Women in Russian Cinema
Pera Film is celebrating International Women's Day 2017 throughout the month of March. The program Women in Russian Cinema celebrates women on screen and behind-the-scenes with seven films selected from 20th century and recent productions of Russian cinema. Presented in collaboration with Seagull Films, the program cherishes women directors as well as strong female characters on screen. The films directed by women include Wings, The Ascent, The Tuner, Travelling with Pets and Everybody Dies But Me. Although not directed by women, the films The Cranes Are Flying and Moscow Does Not Believe in Tears entail powerful depictions of female characters through turbulent times.

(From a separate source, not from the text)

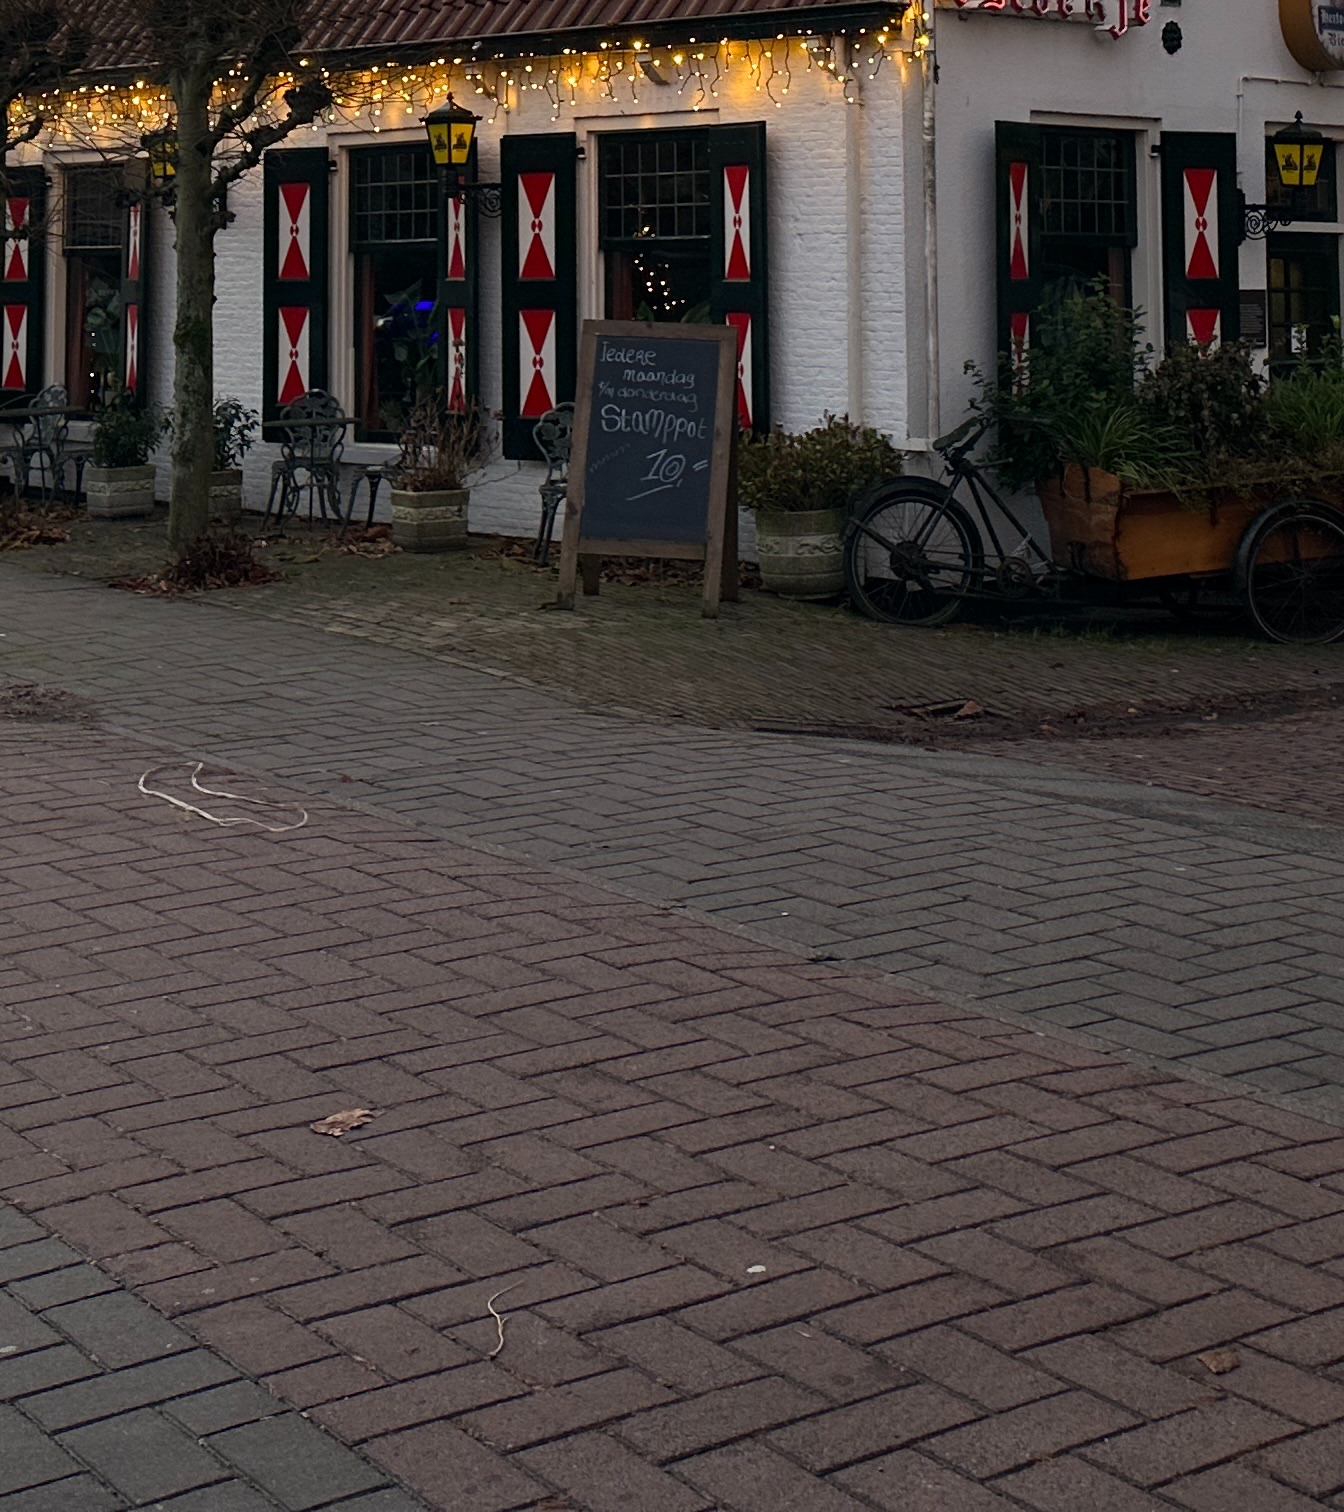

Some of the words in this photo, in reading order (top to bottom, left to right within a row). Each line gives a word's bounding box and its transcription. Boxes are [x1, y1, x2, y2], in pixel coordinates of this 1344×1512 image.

[622, 369, 696, 389] maandag
[617, 386, 699, 413] donderdag
[601, 404, 708, 444] Stamppot
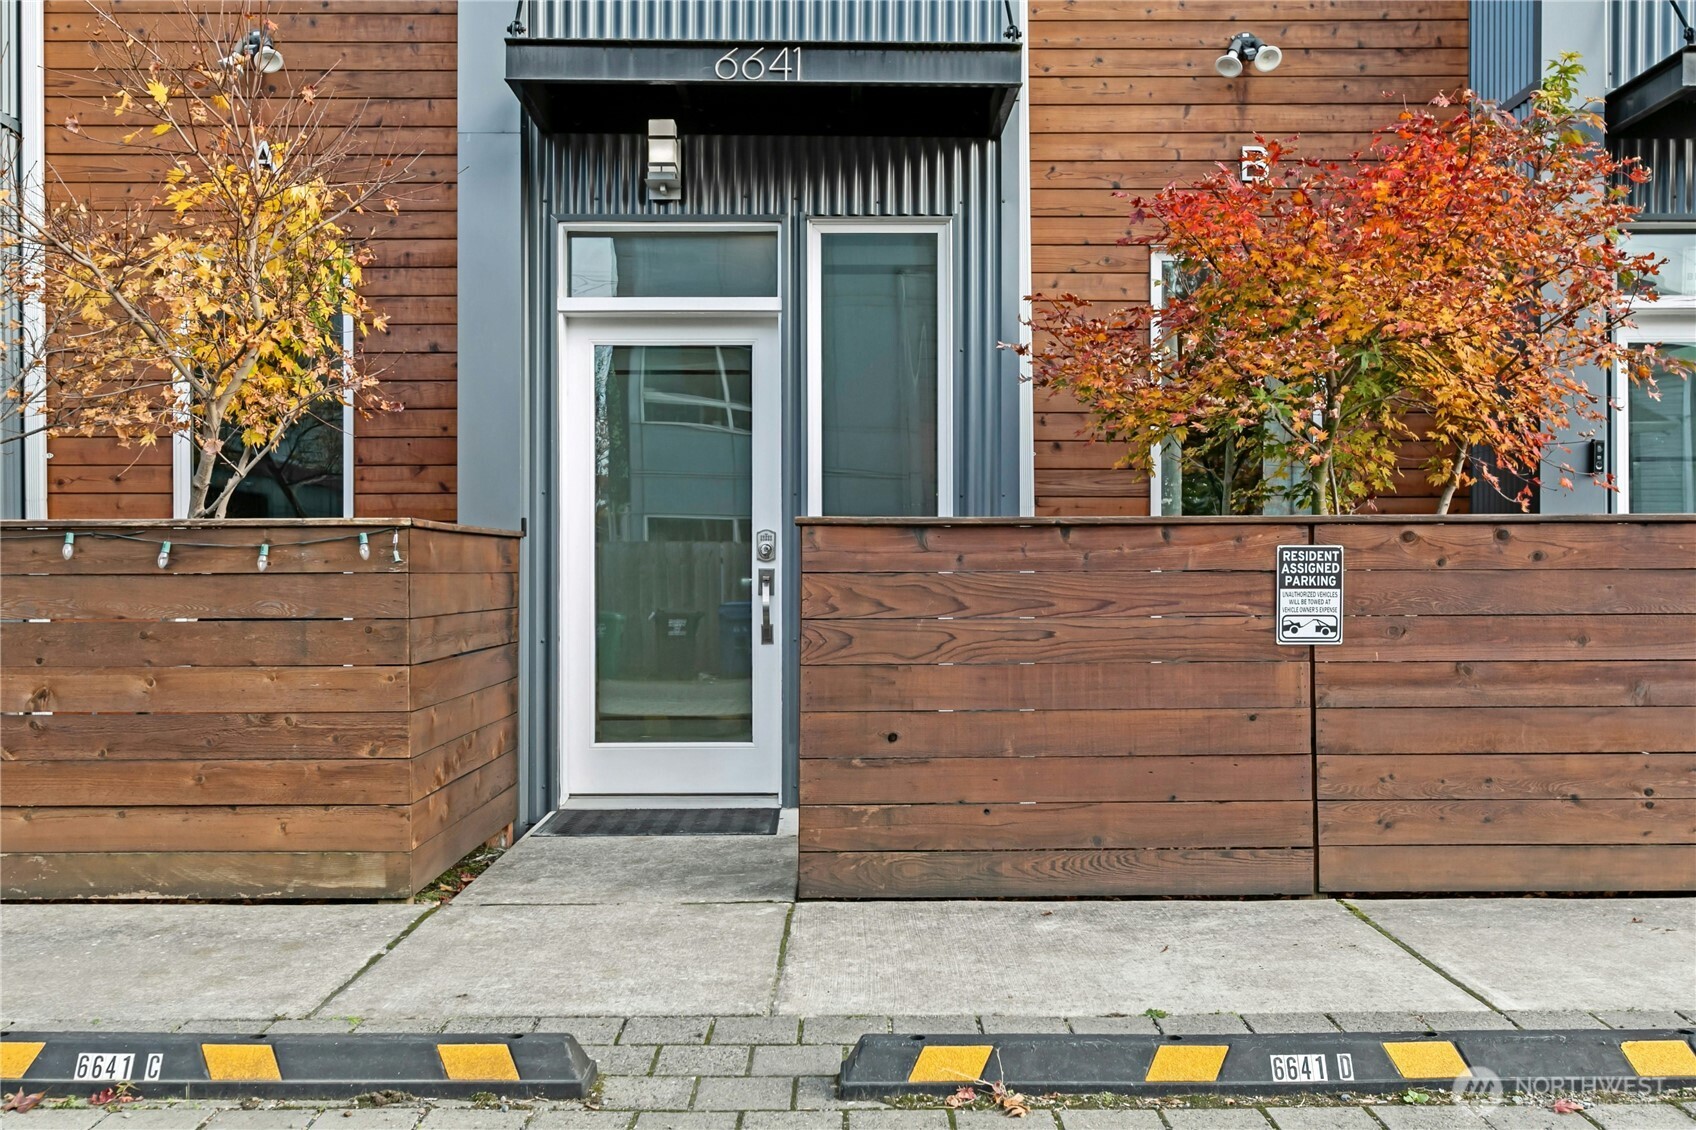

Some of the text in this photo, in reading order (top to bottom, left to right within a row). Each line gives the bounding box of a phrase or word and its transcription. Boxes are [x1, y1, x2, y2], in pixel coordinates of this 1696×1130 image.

The career of Larisa Shepitko, an icon of sixties and seventies Soviet cinema, was tragically cut short when she was killed in a car crash at age forty, just as she was emerging on the international scene. The body of work she left behind, though small, is masterful, and her genius for visually evoking characters’ interior worlds is never more striking than in her two greatest works: Wings, an intimate yet exhilarating portrait of a female fighter pilot turned provincial headmistress, and The Ascent, a gripping, tragic wartime parable of betrayal and martyrdom. A true artist who had deftly used the Soviet film industry to make statements both personal and universal, Shepitko remains one of the greatest unsung filmmakers of all time. The Cranes are Flying focuses on Veronica played by the beautiful Tatiana Samoilova, a strong level-headed individual who suddenly gets struck with a traumatic and devastating experience when losing her entire family in an air raid bombing. Moscow Does Not Believe in Tears is Vladimir Menshov's enchanting drama of three women struggling to establish themselves in Russia's huge and often impersonal capital city. Former actress Vera Storozheva (a frequent collaborator with famed filmmaker Kira Muratova) shows considerable skill as director, echoing Natalia’s awakening in a soundtrack that leaves the creaks and disordered noises of a mechanical environment for a more harmonious and natural one, and in cinematographer Oleg Lukichev’s remarkable images, whose drab winter grays give way to a vibrant springtime palette. But it’s Kutepova as Natalia who truly puts the spark in this invigorating example of feminist cinema. Everybody Dies But Me is the first debut from young director Valeriya Gay Germanika.